Disclosed herein is a method of controlling the morphology of a metal product in an electrolytic cell comprising the steps of (a) providing an electrolytic cell comprising a molten electolyte, a cathode having a non-uniform current distribution in contact with the molten electrolyte, and an anode in contact with the molten electrolyte; (b) providing a metal compound to the electrolyte; and (c) applying either a fixed voltage or a fixed current across the anode and the cathode thereby depositing metal on the cathode.

Description

TITLE CATHODE FOR ELECTROLYTIC PRODUCTION OF
TITANIUM AND OTHER METAL POWDERS CROSS-REFERENCE TO RELATED APPLICATIONS
This application claims the benefit of U.S. Provisional Application No. 60/765,560, filed February 6, 2006 which is incorporated by reference herein in its entirety.
FIELD OF THE INVENTION Disclosed herein are electrolytic cells comprising cathodes having a non-uniform current distribution and methods of use thereof for the production of titanium and other multi-valence and high (2 or more) valence metals, in particular refractory metals such as, for example, chromium, hafnium, molybdenum, niobium, tantalum, tungsten, vanadium, and zirconium.
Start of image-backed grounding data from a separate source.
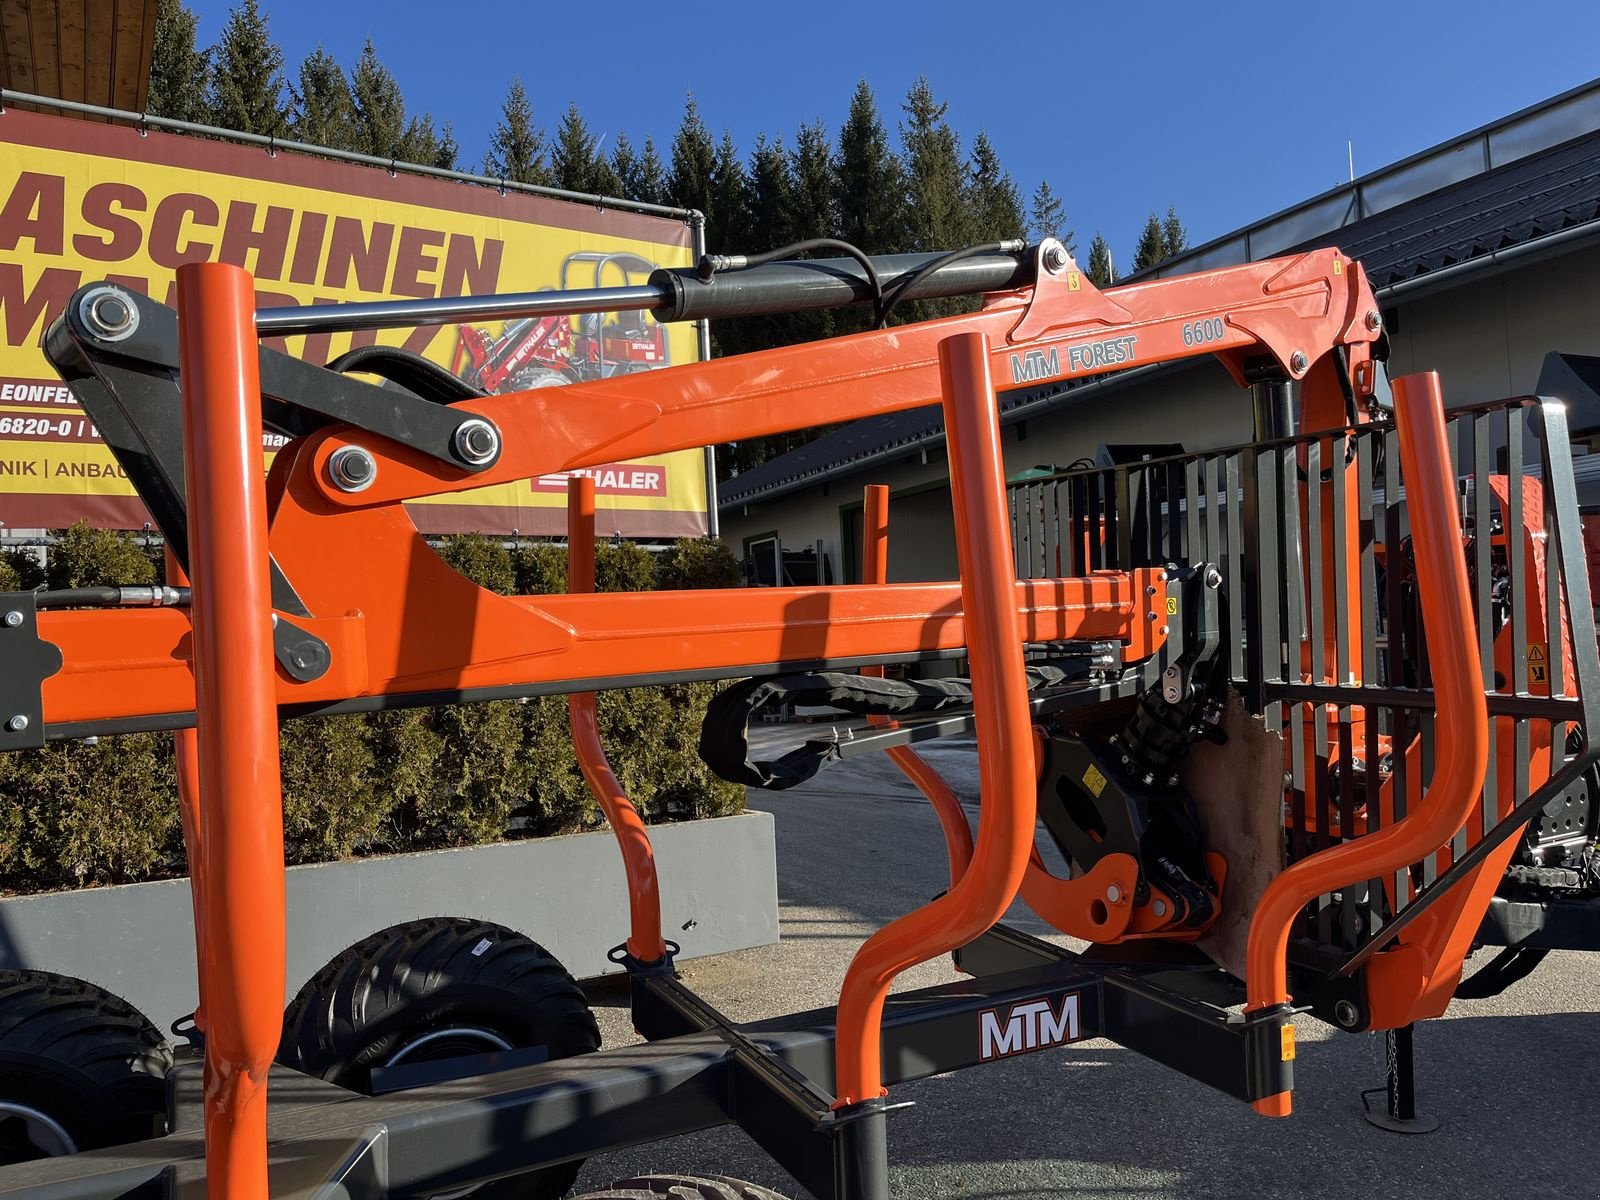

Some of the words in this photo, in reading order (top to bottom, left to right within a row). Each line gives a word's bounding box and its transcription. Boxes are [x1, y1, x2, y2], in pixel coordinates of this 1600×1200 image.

[0, 171, 504, 296] ASCHINEN
[1011, 347, 1060, 384] MTM
[1068, 336, 1137, 373] FOREST
[1183, 317, 1224, 347] 6600
[0, 417, 71, 436] 6820-0
[0, 460, 37, 476] NIK
[981, 995, 1079, 1059] MTM
BACKGROUND OF THE INVENTION
The simplest electrolytic cell for use in electrowinning metals consists of at least two electrodes and a molten electrolyte. The electrode at which the electron producing oxidation reaction occurs is the anode. The electrode at which an electron consuming reduction reaction occurs is the cathode. The direction of the electron flow in the circuit is always from anode to cathode.
Metal particles are removed from solid cathodes by force of gravity or forced fluid flow across the face of the cathode. If the metal particles grow too large or strongly stick to the surface of the cathode, the particles are difficult to dislodge and collect. Other levers that people have found to control particle size and morphology include: 1. feedstock concentration, 2. temperature, 3. electrolyte composition including special additives, and 4. current density. Thus, there remains a need to control metal particle size via cathode design. It an objective herein to design electrolytic cells to produce powders fulfilling these needs through cathode design and fluid flow which control the cross-sectional area and height of particles growing from the surface of the cathode.
SUMMARY OF THE INVENTION
One aspect is for electrolytic cell comprising a cathode having a non-uniform current distribution.
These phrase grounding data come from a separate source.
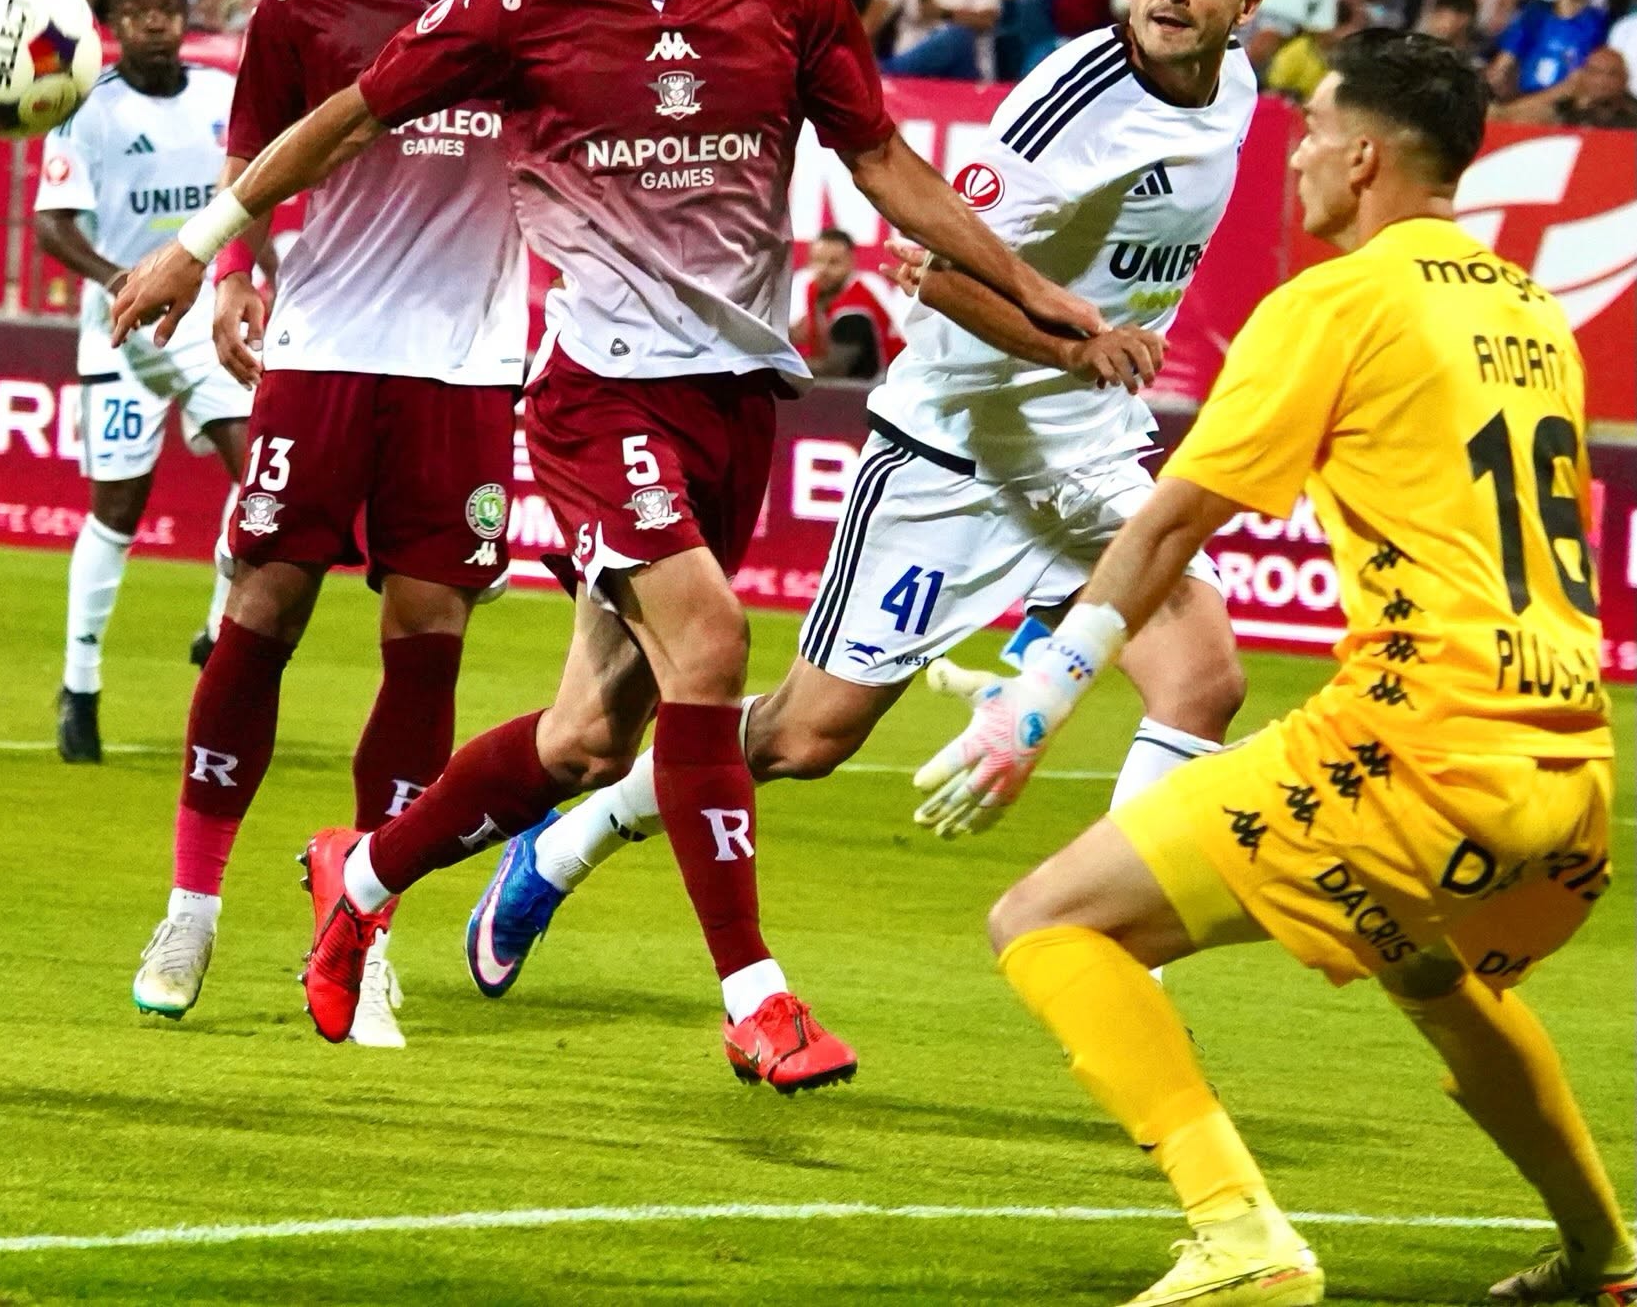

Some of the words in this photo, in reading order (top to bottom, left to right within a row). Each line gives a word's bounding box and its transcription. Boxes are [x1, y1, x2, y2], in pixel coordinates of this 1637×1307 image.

[401, 138, 465, 157] GAMES
[584, 132, 762, 168] NAPOLEON
[640, 167, 715, 189] GAMES
[103, 398, 143, 443] 26
[244, 435, 295, 493] 13
[622, 434, 661, 487] 5
[1465, 408, 1600, 620] 16
[880, 565, 945, 636] 41
[190, 744, 240, 788] R
[700, 807, 756, 862] R
[1314, 860, 1417, 964] DACRIS
A further aspect is for a method of controlling the morphology of a metal product in an electrolytic cell comprising the steps of (a)providing an electrolytic cell comprising a molten electrolyte, a cathode having a nonuniform current distribution in contact with the molten electrolyte, and an anode in contact with the molten electrolyte; (b) providing a metal compound to the electrolyte; and (c) applying either a fixed voltage or a fixed current across the anode and the cathode thereby depositing metal on the cathode.
Other objects and advantages will become apparent to those skilled in the art upon reference to the detailed description that hereinafter follows.
DETAILED DESCRIPTION OF THE INVENTION Applicants specifically incorporate the entire content of all cited references in this disclosure. Further, when an amount, concentration, or other value or parameter is given as either a range, preferred range, or a list of upper preferable values and lower preferable values, this is to be understood as specifically disclosing all ranges formed from any pair of any upper range limit or preferred value and any lower range limit or preferred value, regardless of whether ranges are separately disclosed. Where a range of numerical values is recited herein, unless otherwise stated, the range is intended to include the endpoints thereof, and all integers and fractions within the range. It is not intended that the scope of the invention be limited to the specific values recited when defining a range. The disclosure herein, while relating in particular to the production of titanium from a titanium oxide, is also applicable to the production of titanium from other titanium compounds as well as for the production of other metal compounds such as, for example, chromium, hafnium, molybdenum, niobium, tantalum, tungsten, vanadium, or zirconium from, for example, the respective oxides, halides, nitrides, or sulfides.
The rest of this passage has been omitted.